An interim trade agreement between India and the United States has been finalized, featuring significant tariff reductions on a broad array of US industrial and agricultural products entering India. While this pact aims to foster mutually beneficial trade, it has ignited concerns among Indian agricultural stakeholders. Experts and farmer groups worry that increased imports of goods like soybean oil and fresh fruits could undermine domestic producers, contrasting with official statements emphasizing the protection of sensitive sectors. The deal's long-term impact on India's agricultural economy remains a subject of scrutiny.

THE SEAMLESS LINK
The agreement's provisions for tariff elimination or reduction on US farm outputs, including soybean oil, tree nuts, and fruits, arrive amidst a complex global agricultural market characterized by price volatility and shifting trade dynamics. Despite assurances from government officials that India's most sensitive agricultural sectors remain shielded, the specifics of the concessions granted to the US have prompted a close examination of their potential economic implications for millions of Indian farmers. This analysis pivots from the immediate trade concessions to the deeper structural challenges and competitive pressures facing India's agrarian economy.

The Catalyst: Reciprocal Tariff Adjustments

India has agreed to eliminate or reduce tariffs on a wide range of US industrial goods and agricultural products, including dried distillers’ grains, red sorghum, tree nuts, fresh and processed fruits, soybean oil, wine, and spirits. Concurrently, the US is set to reduce its tariffs on Indian goods to an average of 18% from 50%. While the joint statement highlights reciprocal and mutually beneficial trade, specific details on the extent of market access granted for US agricultural products remain a point of contention. The US Trade Representative's office has indicated that this deal will significantly widen market access for American farmers in India. However, Indian officials, including Commerce Minister Piyush Goyal, have maintained that sensitive agricultural produce in grains, fruits, vegetables, oilseeds, dairy, and meat have been protected.

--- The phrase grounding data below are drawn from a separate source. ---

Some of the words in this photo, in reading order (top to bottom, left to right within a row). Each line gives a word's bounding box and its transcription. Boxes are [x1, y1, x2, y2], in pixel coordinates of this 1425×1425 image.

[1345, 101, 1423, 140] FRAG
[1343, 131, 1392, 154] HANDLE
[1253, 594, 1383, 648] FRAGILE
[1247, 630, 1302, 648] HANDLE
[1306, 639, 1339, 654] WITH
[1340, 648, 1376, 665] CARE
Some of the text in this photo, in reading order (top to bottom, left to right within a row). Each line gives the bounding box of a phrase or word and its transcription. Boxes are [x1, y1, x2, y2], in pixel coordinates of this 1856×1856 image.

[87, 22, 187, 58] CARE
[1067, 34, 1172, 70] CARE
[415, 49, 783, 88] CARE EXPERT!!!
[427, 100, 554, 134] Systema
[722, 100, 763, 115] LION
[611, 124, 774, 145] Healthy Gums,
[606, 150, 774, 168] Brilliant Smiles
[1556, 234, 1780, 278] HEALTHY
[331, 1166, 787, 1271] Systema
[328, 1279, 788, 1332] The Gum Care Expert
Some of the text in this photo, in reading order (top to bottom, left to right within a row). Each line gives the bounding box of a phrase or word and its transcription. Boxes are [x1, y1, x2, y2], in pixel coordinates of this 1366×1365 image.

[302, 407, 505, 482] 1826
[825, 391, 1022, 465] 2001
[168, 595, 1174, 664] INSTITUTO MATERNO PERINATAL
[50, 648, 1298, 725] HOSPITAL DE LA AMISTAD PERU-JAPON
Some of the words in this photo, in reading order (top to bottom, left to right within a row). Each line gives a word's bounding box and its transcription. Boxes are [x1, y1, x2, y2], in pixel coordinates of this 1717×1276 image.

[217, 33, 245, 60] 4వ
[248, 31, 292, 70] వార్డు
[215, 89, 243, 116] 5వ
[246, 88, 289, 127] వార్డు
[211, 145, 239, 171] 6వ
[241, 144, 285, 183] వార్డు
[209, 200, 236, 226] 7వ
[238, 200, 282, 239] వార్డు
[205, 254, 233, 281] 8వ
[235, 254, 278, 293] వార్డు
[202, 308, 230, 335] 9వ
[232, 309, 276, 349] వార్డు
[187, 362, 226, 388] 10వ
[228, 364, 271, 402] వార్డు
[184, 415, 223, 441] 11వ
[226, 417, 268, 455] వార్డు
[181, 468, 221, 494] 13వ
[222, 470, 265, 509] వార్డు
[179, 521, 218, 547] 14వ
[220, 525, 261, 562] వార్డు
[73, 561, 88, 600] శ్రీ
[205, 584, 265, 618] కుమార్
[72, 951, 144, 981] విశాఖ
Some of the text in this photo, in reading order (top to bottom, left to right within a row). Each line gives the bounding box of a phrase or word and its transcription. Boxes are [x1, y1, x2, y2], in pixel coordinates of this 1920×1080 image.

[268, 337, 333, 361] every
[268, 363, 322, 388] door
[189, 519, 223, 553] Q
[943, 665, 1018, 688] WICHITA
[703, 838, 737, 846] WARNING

Analytical Deep Dive: Navigating Global Currents and Local Realities

India's soybean oil imports, which reached 47.83 lakh tonnes ($5.049 billion) in fiscal year 2024-25, are heavily reliant on supplies from Argentina and Brazil. These South American nations are also major global soybean producers. Argentina, in particular, has leveraged export tax adjustments to boost its soybean oil sales to India, demonstrating a competitive pricing strategy that India's domestic producers must contend with. Similarly, while India imported $1.12 billion worth of fresh fruits from the US in FY24-25, Argentina and Brazil are also significant players in the global fruit trade, with various countries implementing tariff adjustments that affect market access. The global fresh produce market is under pressure from climate variability and trade dynamics, forcing producers to adapt by re-routing exports and enhancing supply chains. The US agricultural sector has also seen surging exports to India even without a formal deal, driven by products like tree nuts, cotton, and soybean oil. This existing trend suggests that the new agreement could amplify import volumes, potentially impacting domestic price stability.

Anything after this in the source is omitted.